• _Exercise_:
Can you transcribe the data exactly? Leave the pictures out.

• _Supplied material_:
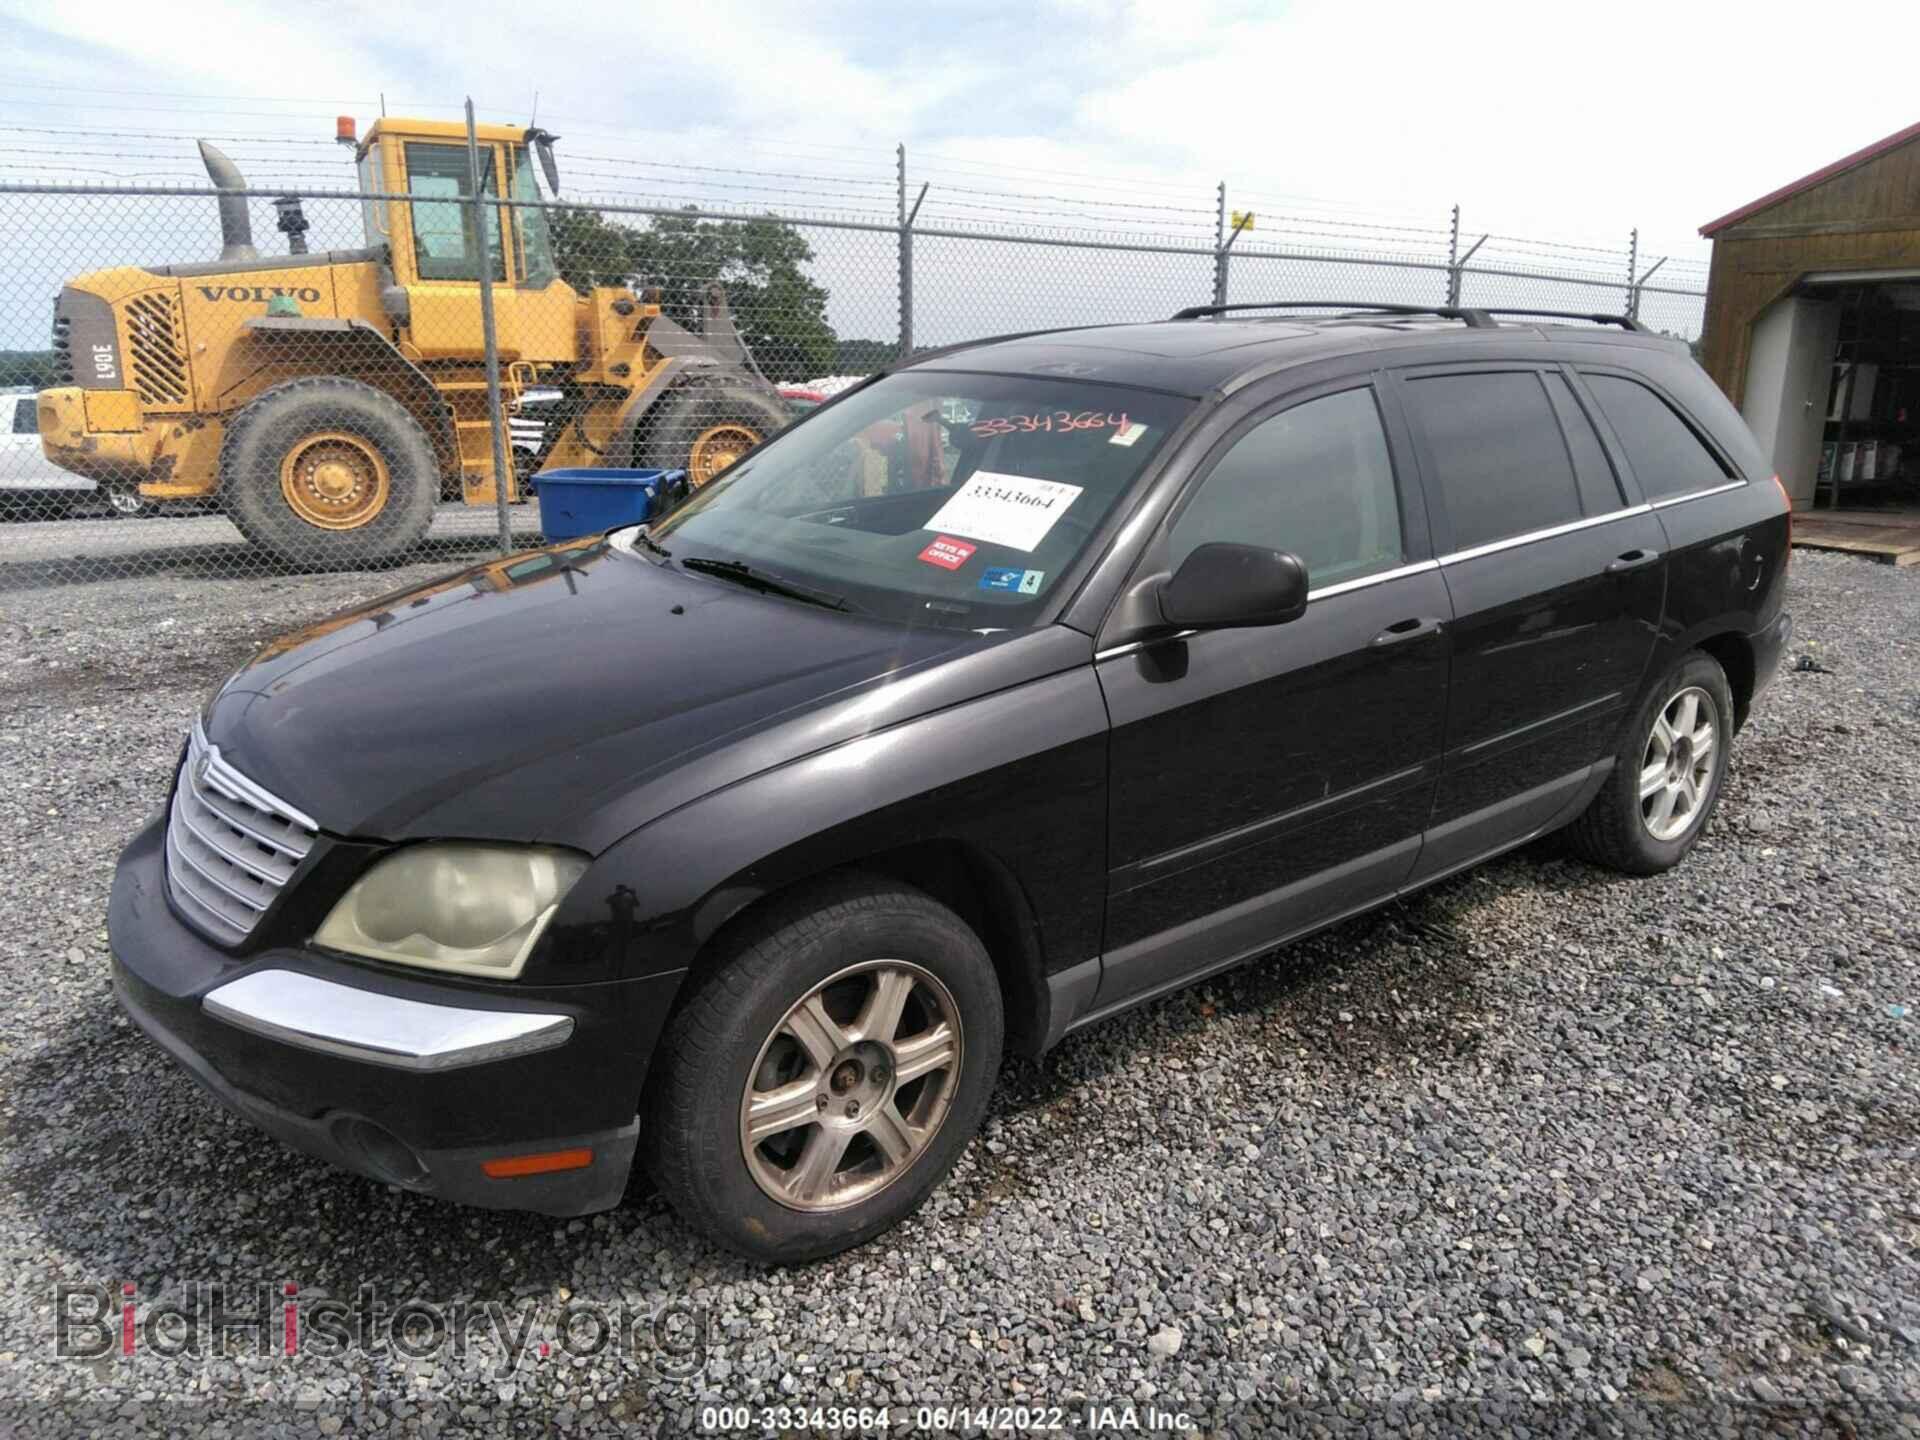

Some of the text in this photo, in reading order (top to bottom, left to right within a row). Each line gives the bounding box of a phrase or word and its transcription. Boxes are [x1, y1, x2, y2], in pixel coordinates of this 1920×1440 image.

[196, 286, 321, 302] VOLVO
[92, 344, 116, 379] L90E
[970, 411, 1130, 438] 33343664
[928, 549, 960, 564] OFFICE
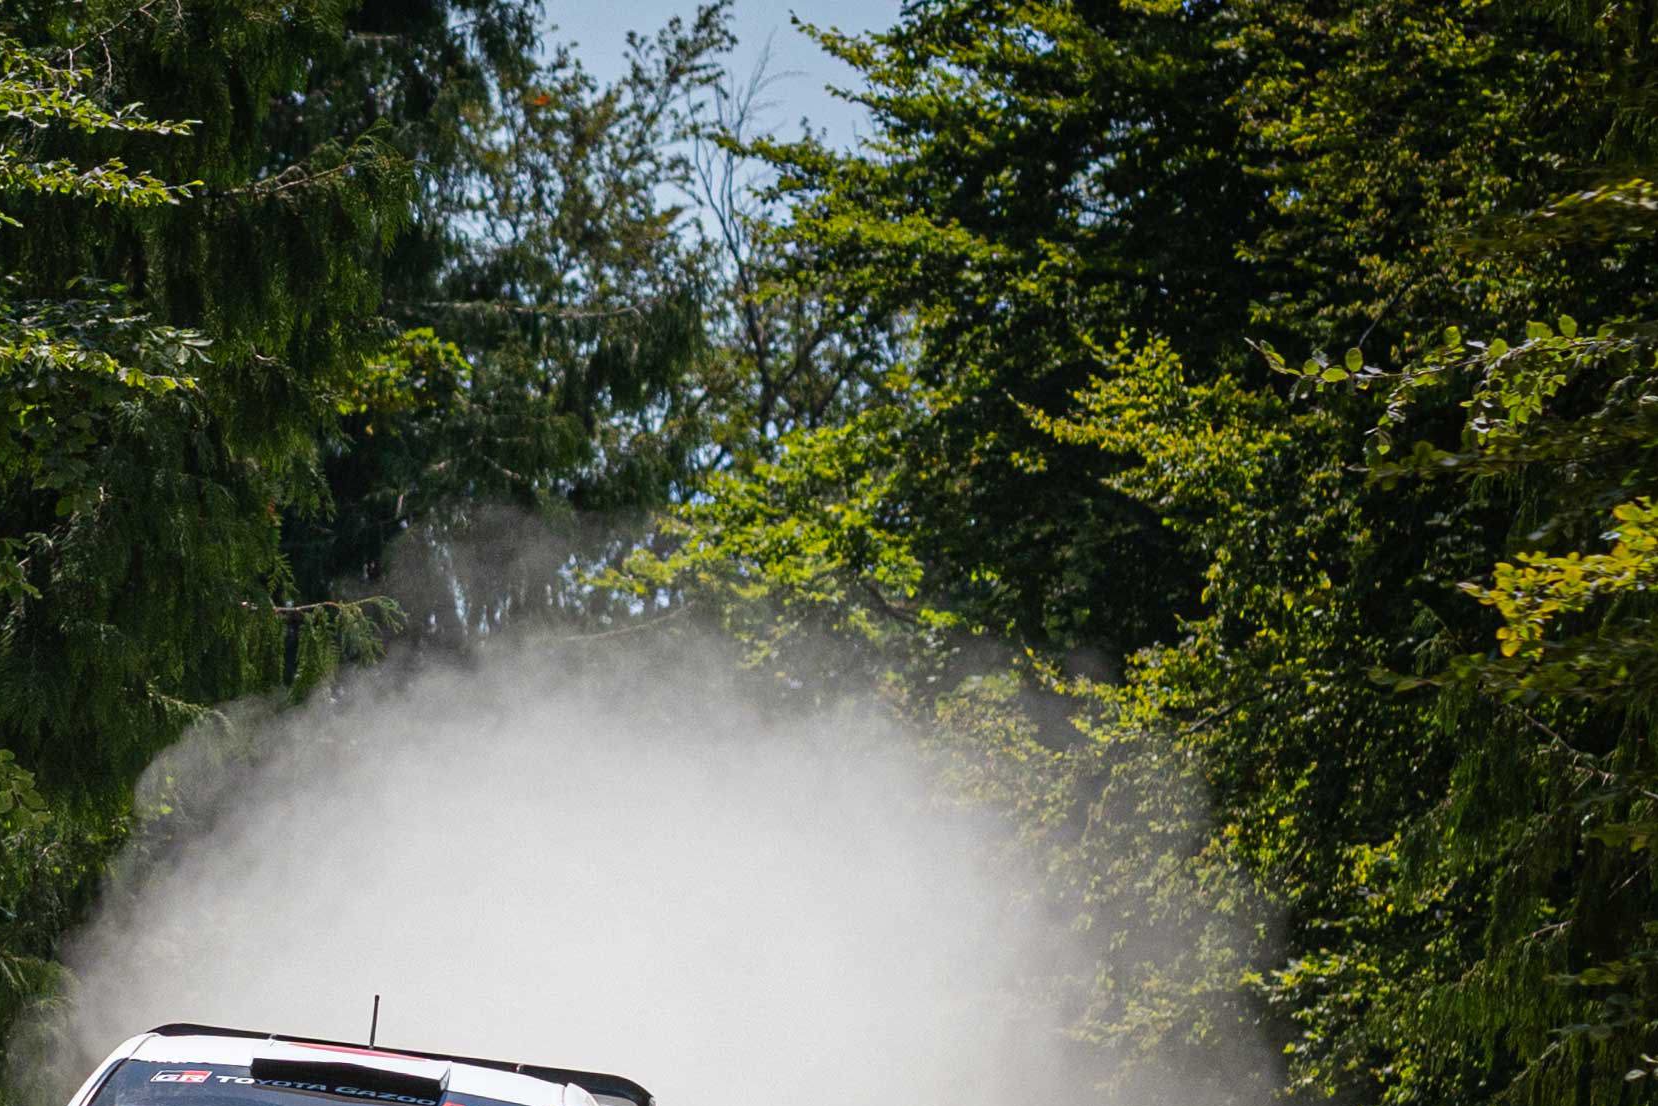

• _Response below_:
Some of the text in this photo, in reading order (top to bottom, left to right within a row). Each line gives the bounding box of a phrase or word and its transcription. Boxes are [x1, y1, x2, y2], in pixel coordinates of this 1920×1440 image.

[196, 286, 321, 302] VOLVO
[92, 344, 116, 379] L90E
[970, 411, 1130, 438] 33343664
[928, 549, 960, 564] OFFICE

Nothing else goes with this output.